Há discos que ouvi muitíssimo na época do LP mas que não consigo encontrar em CD, ou porque não foram lançados neste formato, ou porque o foram através de selos com pouca penetração no mercado, sendo assim virtualmente invisíveis. Isto força a gente a recorrer a colecionadores, que tiram cópias digitais das suas preciosidades de arquivo. (Não, amigos: isto NÃO É pirataria.) Tenho meu fornecedor de rock, meu fornecedor de forró, meu fornecedor de MPB... Há pouco, consegui botar as mãos numa raridade.
Os Afro-Sambas, de Baden Powell e Vinicius de Moraes, é um disco gravado nos primeiros dias de janeiro de 1966, com produção de Roberto Quartin e arranjos de Guerra Peixe. São apenas oito canções, mas pelo que sei o impacto que elas produziram ainda não parou de ressoar. Em seu livro Chega de Saudade, Ruy Castro comenta que nessa época Vinicius e Baden resolveram se trancar num apartamento no Rio para compor, levando consigo várias caixas de uísque. Os afro-sambas se devem em partes iguais a eles e ao médico que os manteve vivos durante o ininterrupto pileque.

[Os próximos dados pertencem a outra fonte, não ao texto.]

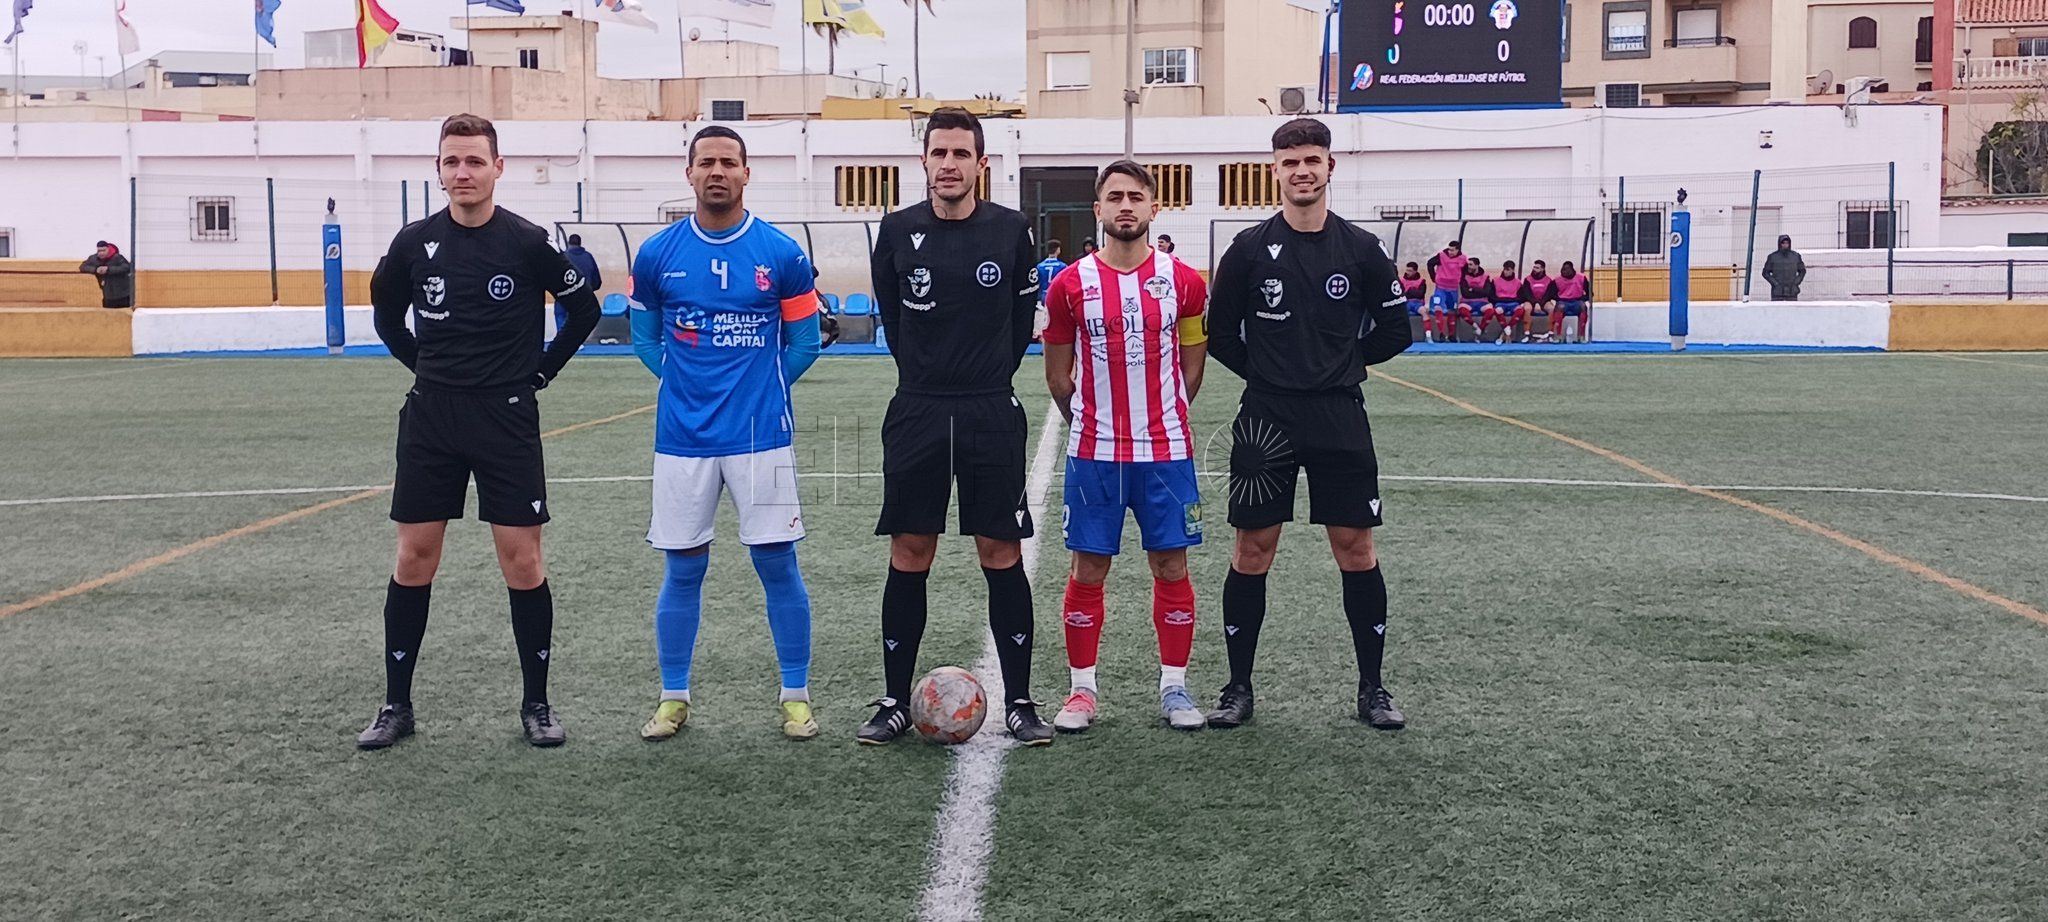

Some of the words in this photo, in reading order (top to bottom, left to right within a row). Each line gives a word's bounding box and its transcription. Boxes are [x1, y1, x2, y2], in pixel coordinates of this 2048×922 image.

No texto de contracapa (datado de fevereiro de 1966), Vinicius afirma que sua parceria com Baden já datava de quatro anos atrás, e que já desde aquela época gostavam de ouvir gravações ao vivo de cantos do candomblé e do samba-de-roda baiano, enviadas por Carlos Coqueijo. Dessa época surgiram sambas de temática africana como “Berimbau” e “Samba da Bênção”, que bem poderiam ter sido também incluídos neste disco, porque musicalmente pertencem ao mesmo ciclo. Imagino que tenha sido este o primeiro disco em que Vinicius aparece como intérprete do começo ao fim, mesmo secundado pelo Quarteto em Cy. Os arranjos e da gravação têm uma qualidade um tanto artesanal. E, por trás de tudo, o violão de Baden Powell, costurando a melodia com os baixos (“Canto de Xangô”), com lapadas percussivas (“Canto de Ossanha”), ou sublinhando a melodia lindíssima de “Canto de Iemanjá”.
Os “afro-sambas” tiveram uma bela gravação recente por Mônica Salmaso, mas esta gravação original com Baden e Vinicius tem a força primitiva e imediata daquelas canções que valem, mais do que pela roupagem musical que recebem, pela novidade bruta do material poético e melódico com que trabalham. O disco surgiu num momento em que a classe média urbana e intelectualizada começou a enxergar a cultura popular, negra, rural, com olhos de curiosidade e respeito. Dizem alguns estudiosos, não sei se com razão, que grande parte da nossa cultura resulta de releituras populares das idéias, das formas e dos temas produzidos na cultura erudita. Se for assim, maior ainda a importância de uma releitura erudita das idéias, formas e temas que surgem da cultura popular. O próprio termo “afro-samba” é elucidativo, por reconhecer que o samba já era àquela altura algo assimilado e exercido pela cultura urbana e branca, e era necessário injetar nele um pouco de África e de memória negra.
3 comentários:
Esse disco existe em CD também. Está incluso numa caixa gigantesca do Baden, lançada há coisa de cinco anos, e fantástica.
O LP sempre será para mim algo único, daria tudo para ter este em minha coleção tão pobre!
Parabéns pelo artigo, essa frase define muito bem sobre o que se trata esse disco: "tem a força primitiva e imediata daquelas canções que valem, mais do que pela roupagem musical que recebem, pela novidade bruta do material poético e melódico com que trabalham." Tenho curiosidade em saber quem detém os direitos autorais dessa obra hoje.